However, the above-mentioned solutions are not conclusive. Among their major draw backs we can 
cite: requiring a lot of manpower and time to manually integrate them, designed and modeled for specific 
contexts with strong commitments and great details rendering their reusability and expandability difficult. To 
address some of these limitations we developed a flexible conceptual architecture based on ontology design 
patterns. 


3. CREDIT RISK SCORECARD 
3.1. Requirements and Use Case 

The credit-granting process leads to two choices: granting a loan to a new customer or declining his 
application. The purpose of the credit risk scorecard is defined as “the assignment quantitative measure to a 
potential borrower to provide an estimation of its capacity to repay a loan” [24]. Usually, logistic regression 
is the most used techniques to build credit risk scorecard. More recently, artificial intelligence techniques like 
expert systems and neural networks have been used [25]. All of them involve establishing and quantifying 
the relationship between the characteristics and good/bad performance (target). 

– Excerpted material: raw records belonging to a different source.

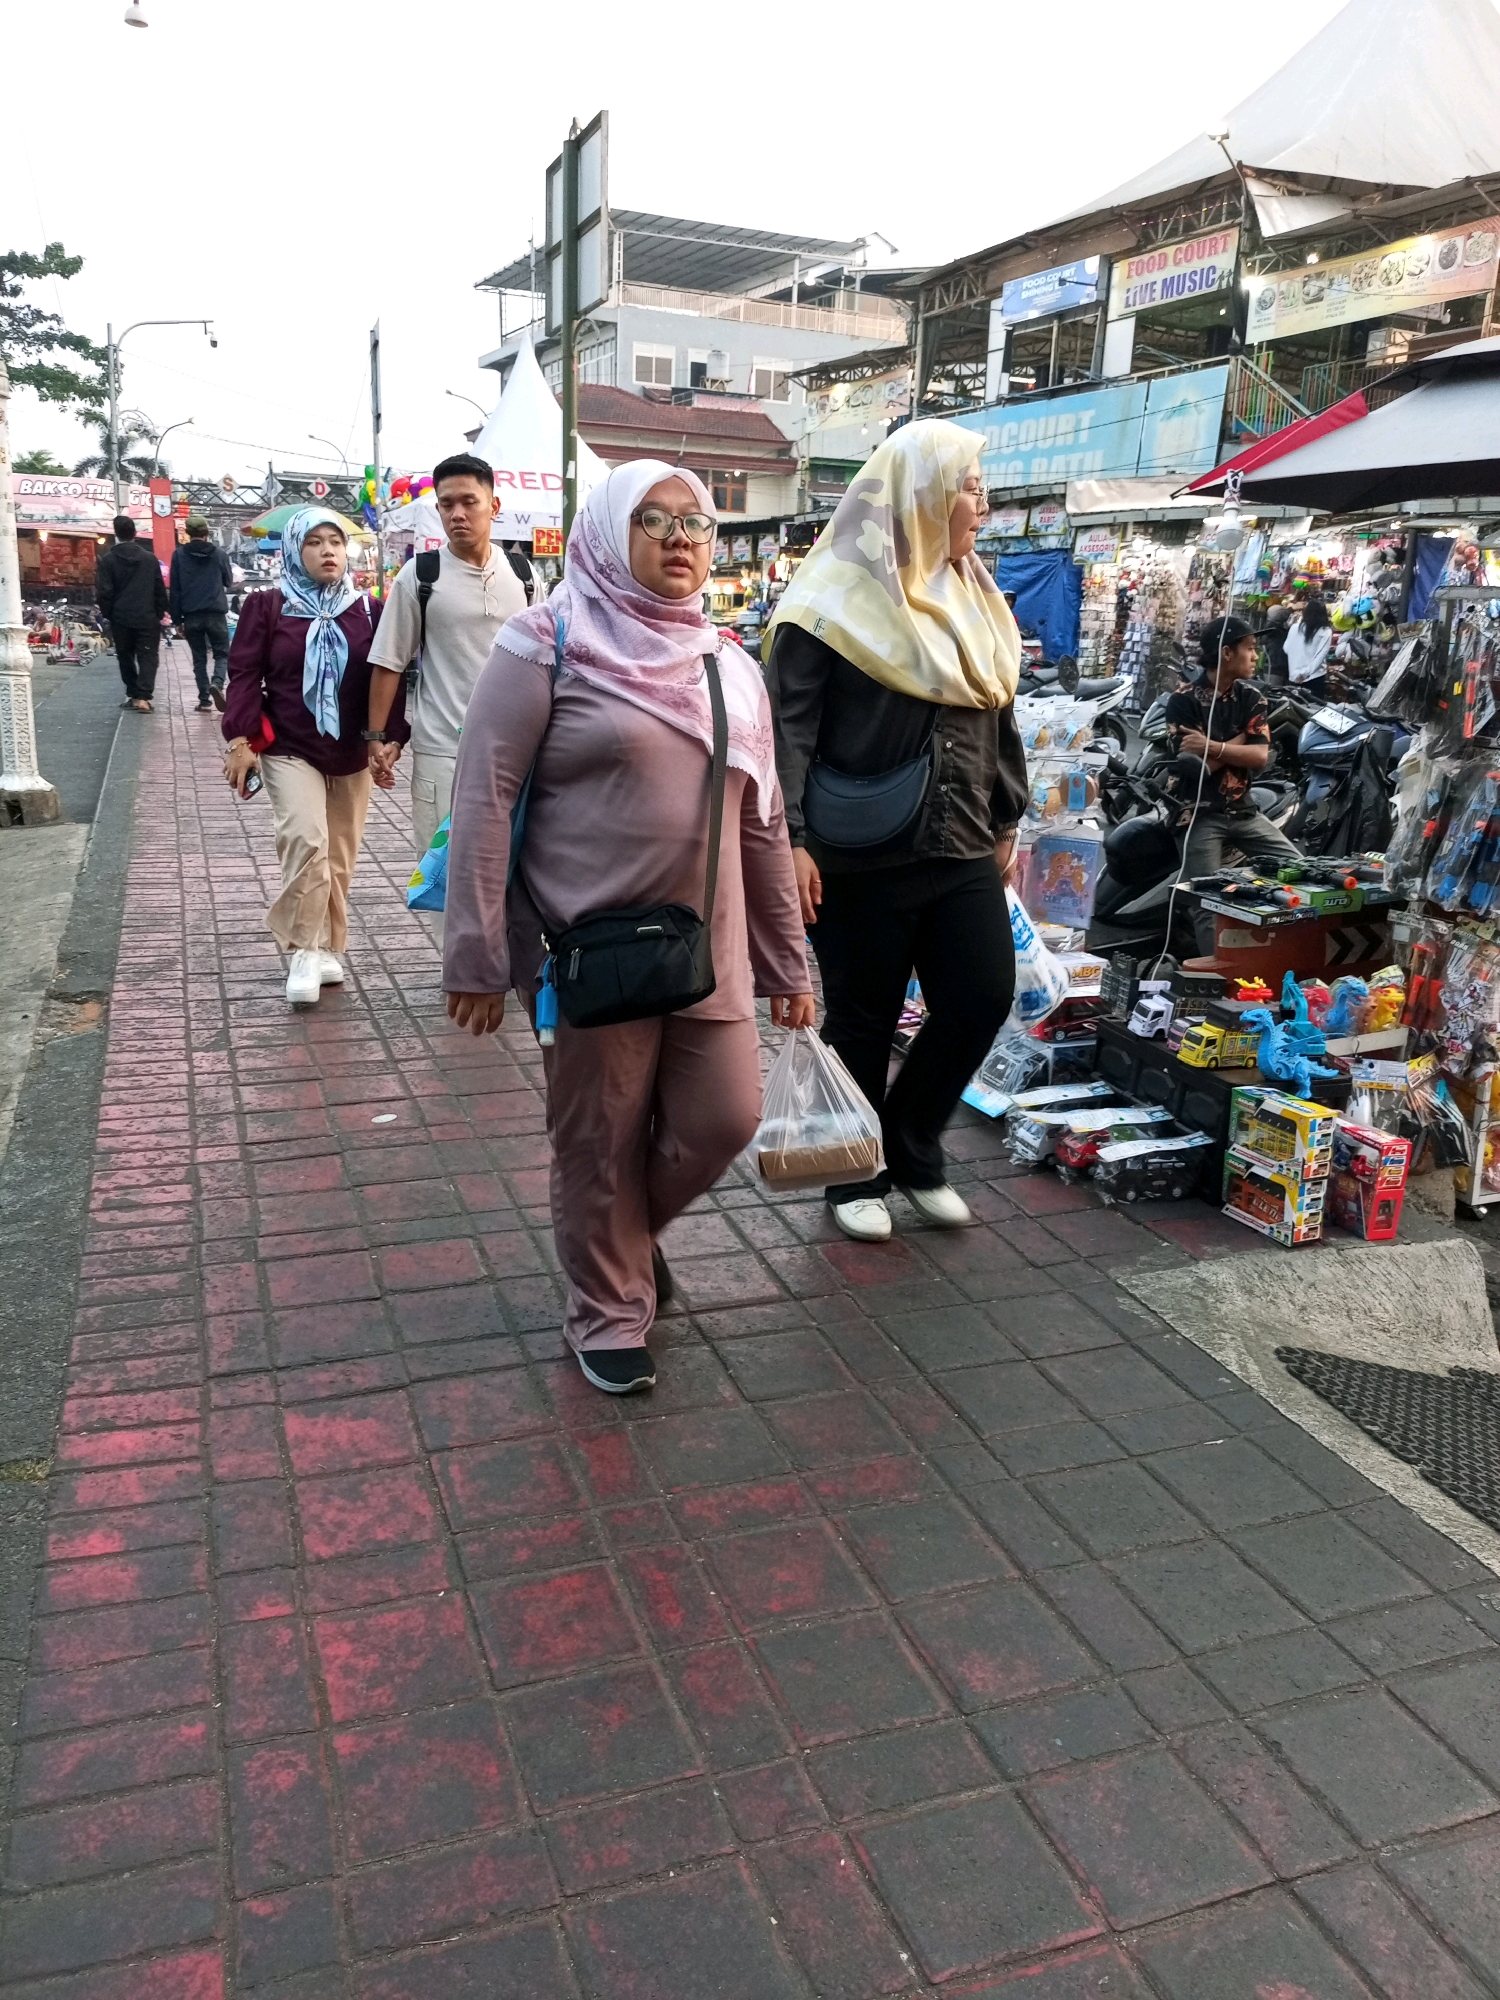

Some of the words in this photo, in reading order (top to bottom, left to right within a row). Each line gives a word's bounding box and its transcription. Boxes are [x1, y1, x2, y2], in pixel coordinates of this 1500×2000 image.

[1126, 251, 1169, 279] FOOD
[1172, 233, 1231, 266] COURT
[1022, 276, 1046, 290] FOOD
[1046, 267, 1077, 282] COURT
[1160, 265, 1217, 300] MUSIC
[972, 409, 1096, 457] DCOURT
[19, 479, 83, 498] BAKSO
[222, 477, 234, 492] S
[315, 482, 326, 495] D
[427, 541, 439, 551] 16
[1072, 966, 1101, 979] MBG

The use case that drives our modeling allows the credit analyst to calculate the number of points of 
each applicant Table 1(a). It also provides them with a decision support tool Table 1(b) which allows them to 
immediately reach an opinion on the credit allocation. 

The modeling has to be as general as possible so that it becomes possible to add information from 
any sources (web, credit bureau data, financial ratios, social networks...etc.). The schema has to be robust, 
extendable, and easy to be maintained and updated. In order to achieve these objectives the credit risk 
scorecard and decision support tool are modeled with ontology design patterns. 

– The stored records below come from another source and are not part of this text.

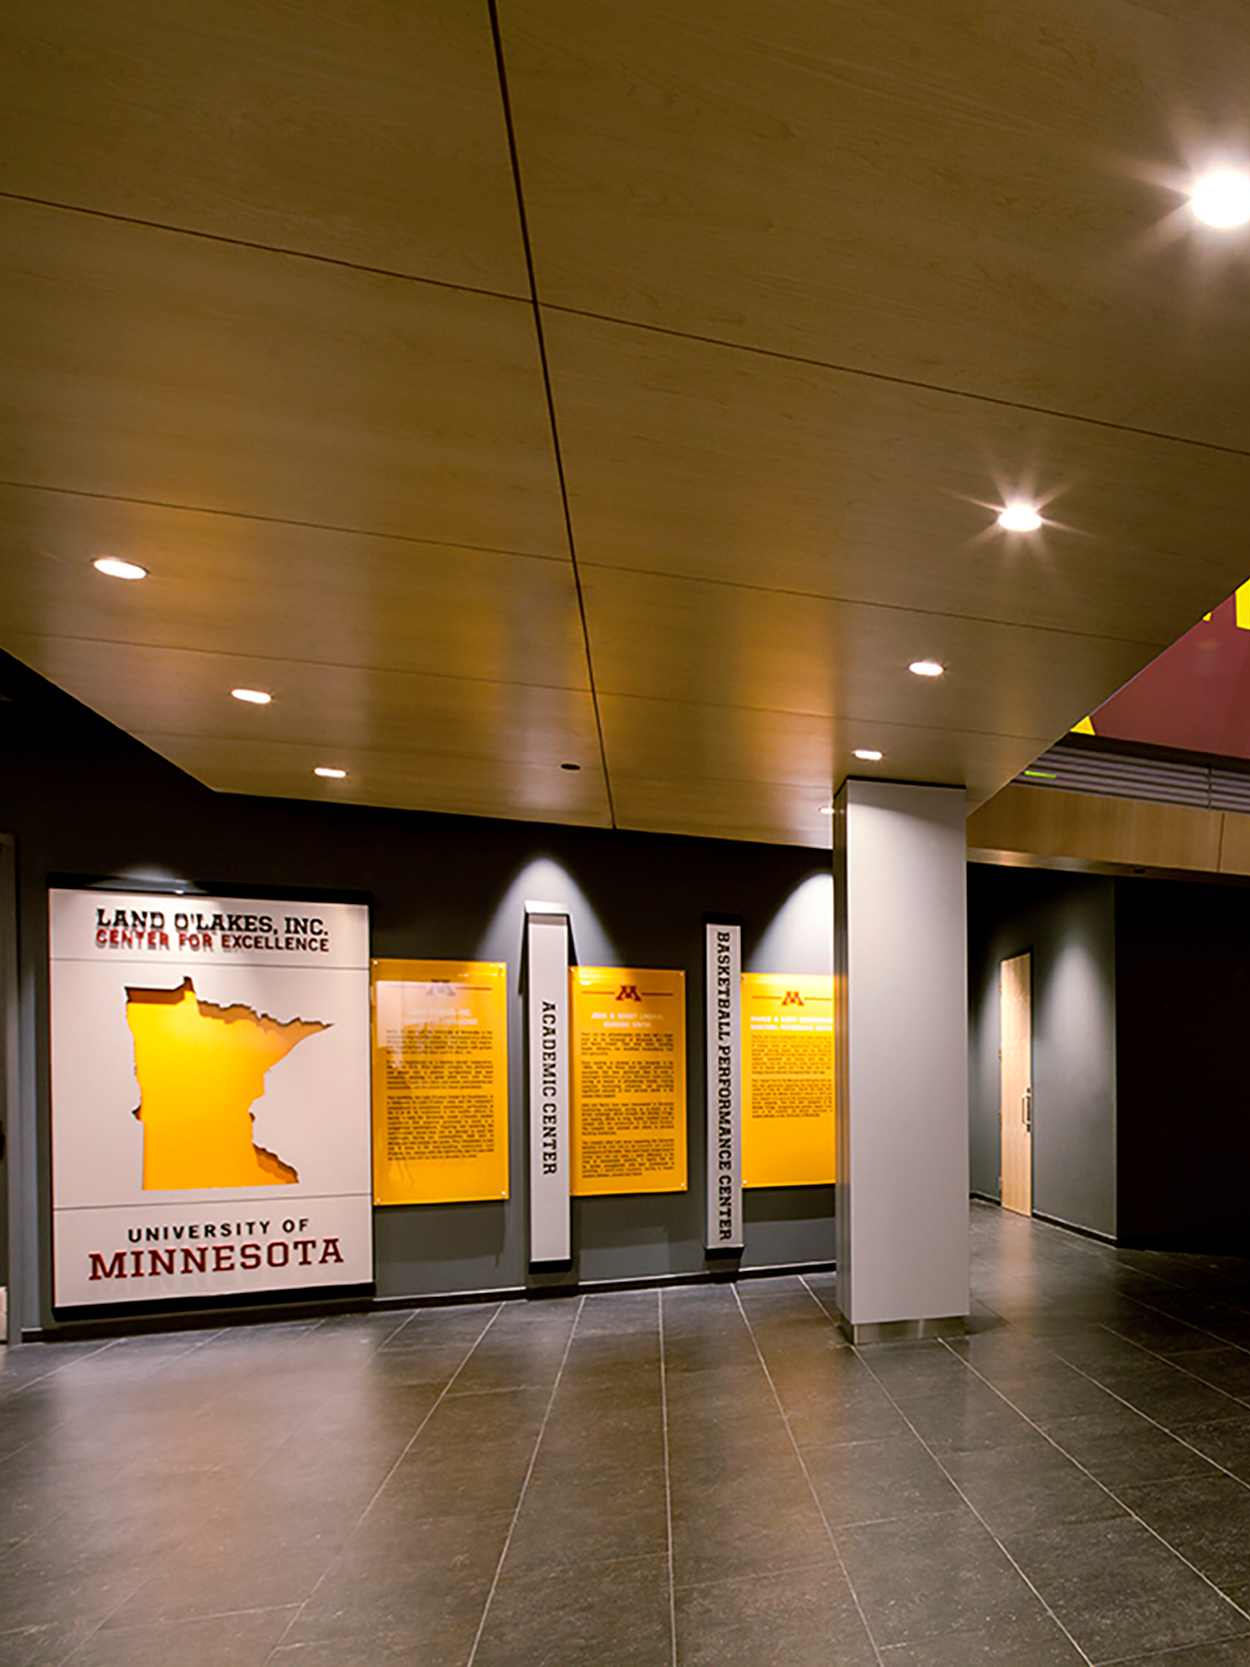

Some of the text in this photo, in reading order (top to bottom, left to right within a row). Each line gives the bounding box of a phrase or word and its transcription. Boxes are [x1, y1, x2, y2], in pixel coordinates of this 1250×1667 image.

[96, 908, 329, 936] LAND O'LAKES, INC.
[95, 929, 330, 952] CENTER FOR EXCELLENCE
[541, 1000, 558, 1175] ACADEMIC CENTER
[716, 931, 732, 1241] BASKETBALL PERFORMANCE CENTER
[127, 1218, 309, 1243] UNIVERSITY OF
[88, 1238, 344, 1281] MINNESOTA

The ontology is built to address a set of requirements; in fact, it is evaluated against its 
corresponding requirements specification. These requirements can be defined through appropriate CQs, 
which define the scope of ontology. Some typical CQs are listed below: 

1) Which variables take part in the credit risk scorecard? 

2) Which credit risk scorecard does this variable participate in? 

3) What is the value of a given category”? 

4) What is the score band of low, medium and high scores? 

5) What does good and bad client mean? 

6) How many counts of a client type are bad? 

7) How many counts of a client type are good? 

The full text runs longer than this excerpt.